The annual survey has arrived and it's full of information to be analyzed, questioned and reworked. As a data professional I love insights into almost anything and the chance to get a better look at my industry is no exception. I began with the most obvious questions I could think of which were the following:
What's the average salary?
by years of experience
Does education matter
Do certifications mean dollars
As I looked at the raw data it seemed it was going to be a bit tricky to get really useful answers at first so I immediately started to figure out what changes I wanted to make to the base data to help me get the answers that I really want.
Step 1: salaries are in both USD annual and hourly equivalent. I standardized to USD equivalent on an annual basis.
Step 2: I parsed the location data into city, state, country whenever possible. This was a manual task as I didn’t find a consistent way to parse it programmatically. (If you figure out a way I’m completely open to your suggestion) This was the one case where I was glad we didn’t have 10,000 responses.
Step 3: I created a binary filter for the certifications. I felt that if the binary difference was significant then it would be worth digging into the data but that wasn’t the case at this point at least from my prospective.
Step 4: At this point it was time to create the visuals. I created the salary visualizations for average salary by location and then by industry. There were some outliers but instead of just discarding them I changed from mean to median in the measure. For disclosure, the mean is $86140 which is not all that significant but I left it as the median. I then added the saturation to give some idea of when we had enough data to be confident it wasn’t an outlier. With the small number of respondents and open ended responses the confidence isn’t particularly high in many locations and industries.
Here's the view of my visualizations:
Moving on to 1c it was time to figure out where we were on years of experience. I ended up going with years of experience by country. The count of respondents can be found in the tool tip, and I used the saturation to give a confidence indicator using that metric.
One of the interesting points of data was salary by education level. This wasn’t what I would have predicted without any data but it does appear that education does not trump experience in this survey. This was really the same with certifications. While they do appear to more than pay for themselves on a cost basis I’m not sure we have enough data to call this either way.
What do I think would make this survey more awesome next year? First let me say it’s awesome that we have this data at all and for that I’m thankful. I admit I’m greedy for data and the only amount of data that would please me is more data. If you’ll allow me to write my wish list here it is:
As mentioned I like more when it comes to data so the more responses the better. Would this be 1000, 5000… that I’m not sure but 1000 would be a fantastic improvement in confidence.

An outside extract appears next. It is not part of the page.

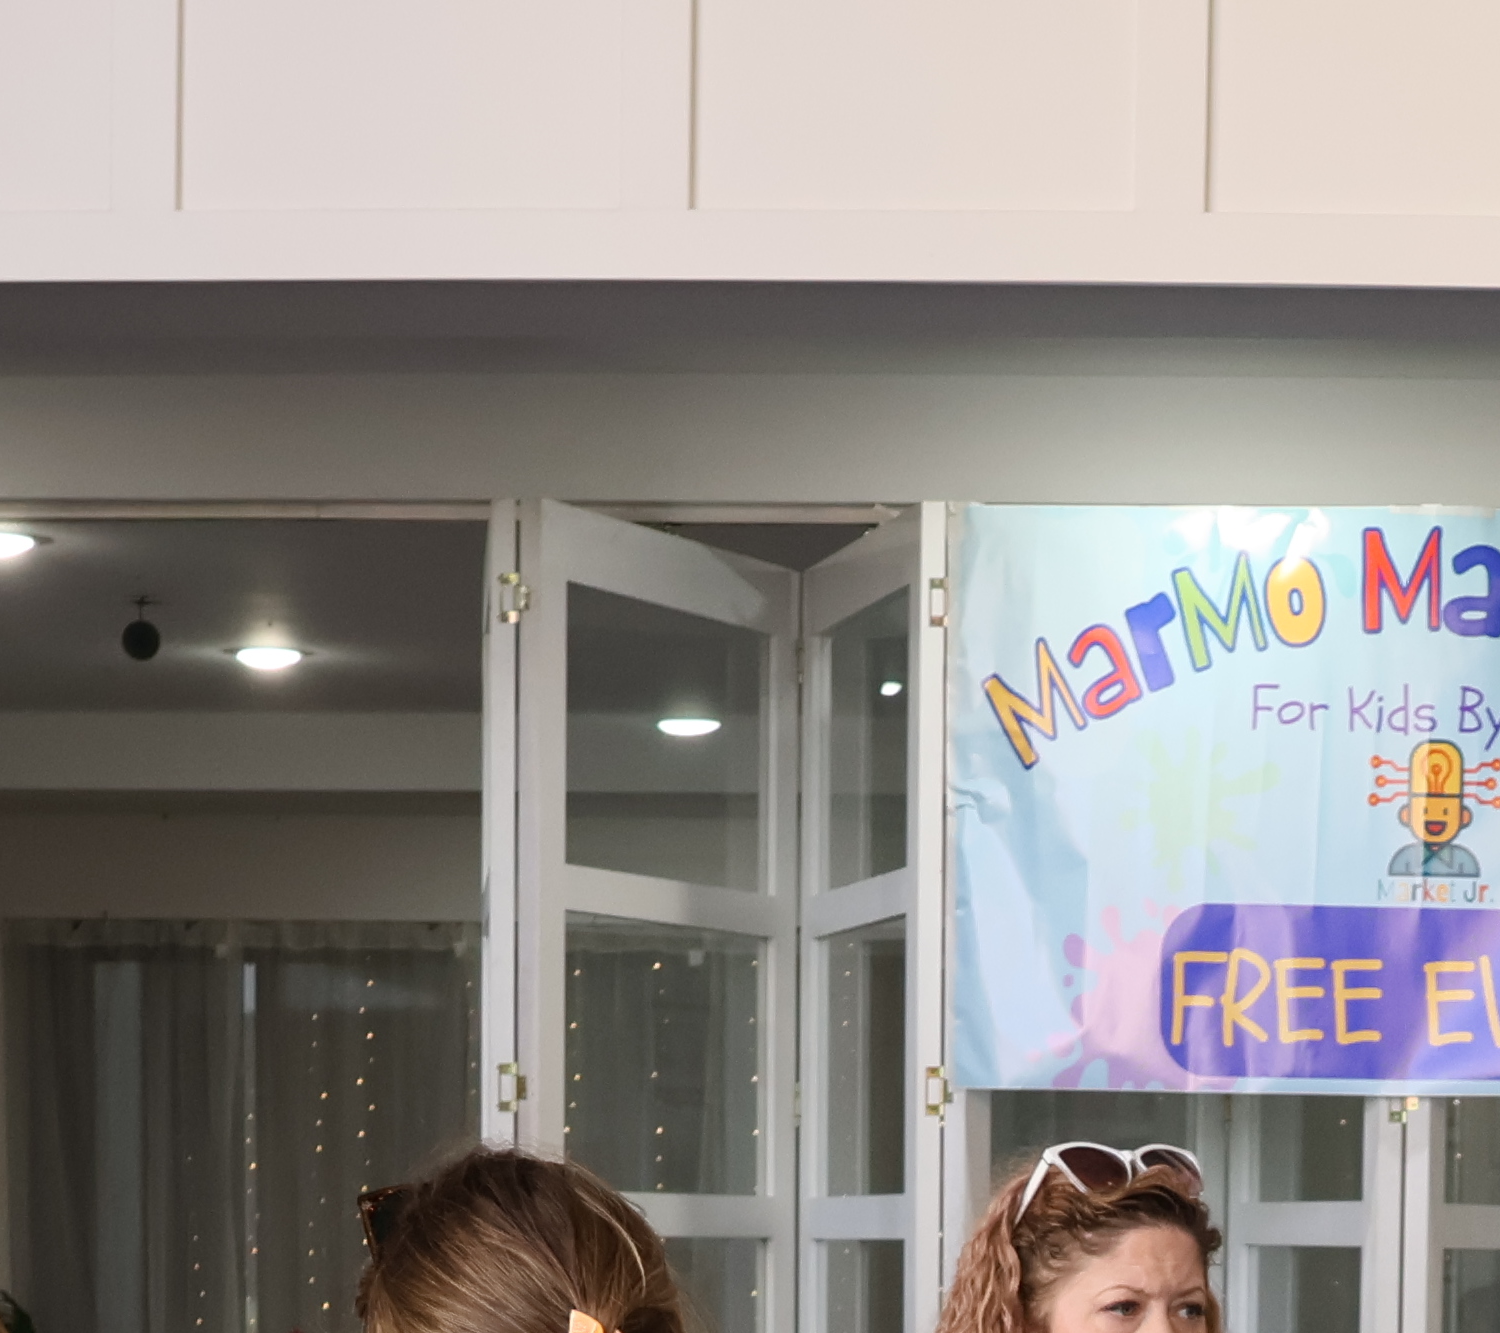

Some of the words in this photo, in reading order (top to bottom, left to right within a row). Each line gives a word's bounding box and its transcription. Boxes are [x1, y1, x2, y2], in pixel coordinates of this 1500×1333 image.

Salaries in local units on an annual basis with the numeric part as an integer and a string for currency descriptor. It might be best for the analyst to do the conversions and that way there’s not a mathematical error or some confusion leading to an outlier value.
City, State, Country could be just as useful with state and country. If both were separate and mandatory that would be helpful. While it would be nice to compare salaries in NYC, Dallas, LA and Saratoga Springs, NY, if we reduced the specificity we might get more respondents from smaller markets without sacrificing the general comparison values.
Education would be easiest in the common hierarchy high school, bachelors, masters, doctorate.
Industry to me should be one central focus. For myself this might mean determining if I’m going to classify what I’m doing as finance or healthcare. Yes, it’s both but maybe my determination is significant in the overall results. It would be interesting to have a single value and determine if the industry average changes next year.
The last item I’d like to see would be company size in a general numeric format so we can bucket it and see if bigger is better when it comes to money. I’m not convinced that it’s the case and I’m leaning more towards the inverse being true.
This was my quick shot at this year’s salary survey. I’m interested in hearing feedback because that’s data and more is definitely better.